I think that the way the “short vs long-term” divide in AI policy is currently, there’s way too much focus on the deep ideological disagreement of (a), and not enough on really understanding the tricky and mostly empirically-based disagreements of (b) and (c). I think it would be really valuable to try and unpick further some of the assumptions underpinning these disagreements, and think about what kinds of research might actually help us think more clearly about the best ways to influence the long-term societal impacts of AI.

In case it’s not clear by this point, I’m pretty firmly in the “we should care about future populations” camp on (a), and I do think that we should be trying to work in those areas where we might have some influence over how AI impacts society in the very long-run. But I’m much less clear on (b) or (c). I think it’s possible that issues arising from current AI systems or more advanced capabilities that fall far short of AGI could have extreme and long-lasting impacts on society - either by leading to extreme scenarios themselves (e.g. automated surveillance leading to global authoritarianism), or by undermining our collective ability to manage other threats (e.g. AI-enabled disinformation undermining collective decision-making/coordination capacity.)
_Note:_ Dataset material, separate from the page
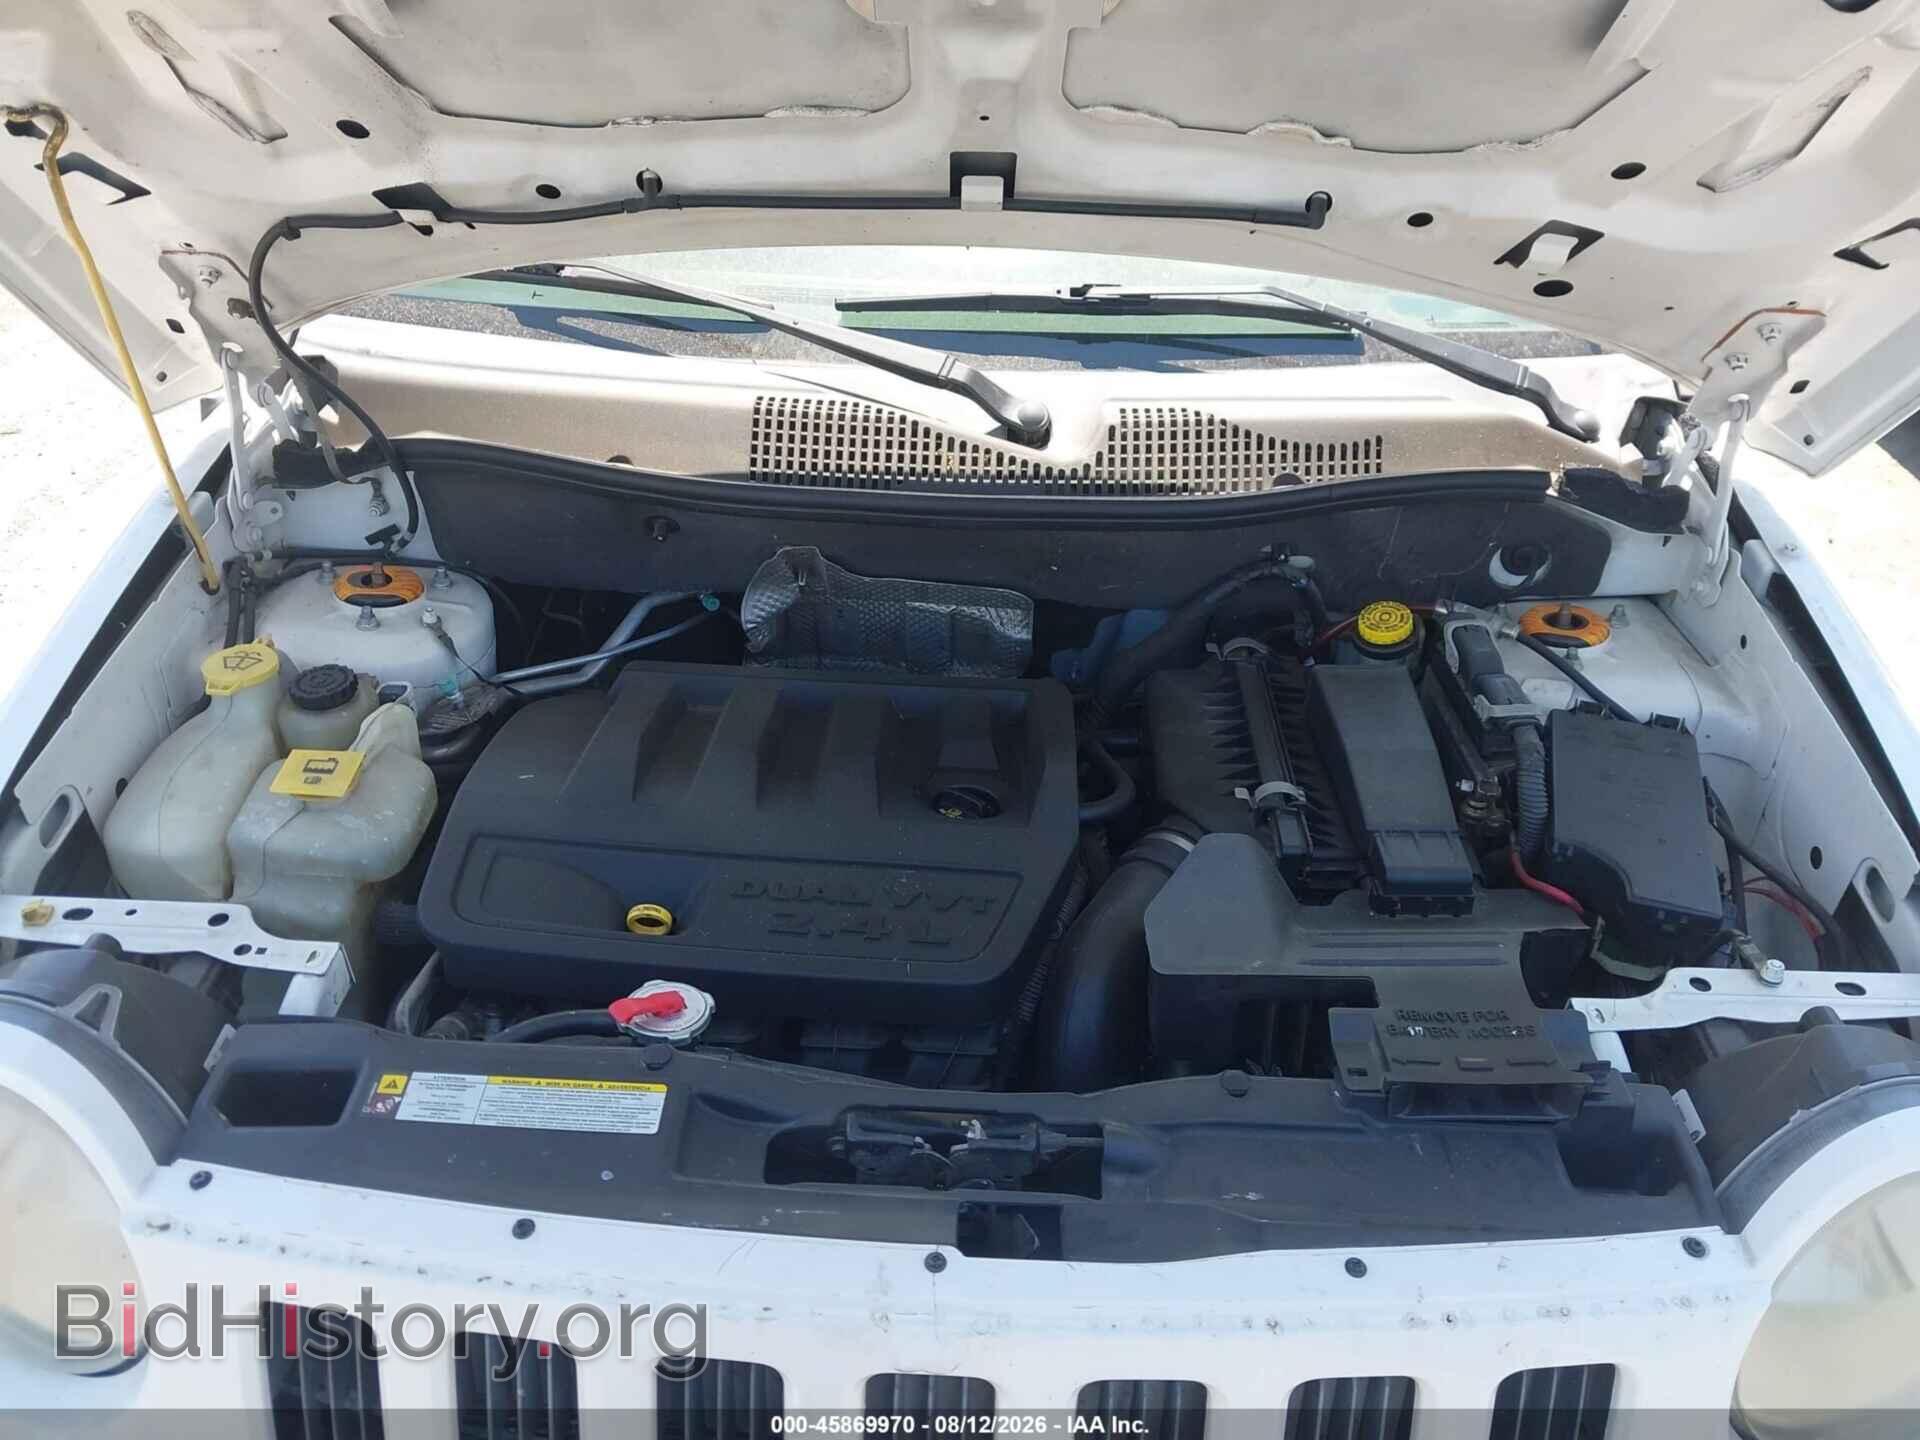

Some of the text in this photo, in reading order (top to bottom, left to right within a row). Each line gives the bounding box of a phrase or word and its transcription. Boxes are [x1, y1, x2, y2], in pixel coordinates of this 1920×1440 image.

I also think that some of the best ways to influence the long-term future might be by working on what are mostly ‘current’ issues but with the long-term in mind (e.g. ensuring that today’s AI systems are developed in safe and interpretable ways that extend to more advanced systems; creating good research norms and a culture of responsibility within ML research; developing policy processes that are robust to uncertainty about how AI will develop, and so on.)

Mostly, I think we need more thorough thinking on both how ‘near-term’ and emerging issues might have very long-term consequences, and on what kinds of ‘near-term’ work give us the best leverage over the future trajectory and impact of AI.

One thing I haven’t really talked about, but which is important for prioritising areas to work on, is neglectedness: finding important areas to work on that aren’t getting much attention. Neglectedness is a large part of the reason that so far the ‘long-term’ community has mostly focused on more speculative risks from very advanced AI systems - no-one else was thinking about them. But I now think we may be at a point where something like “near-term work from a long-term perspective” is also looking pretty neglected.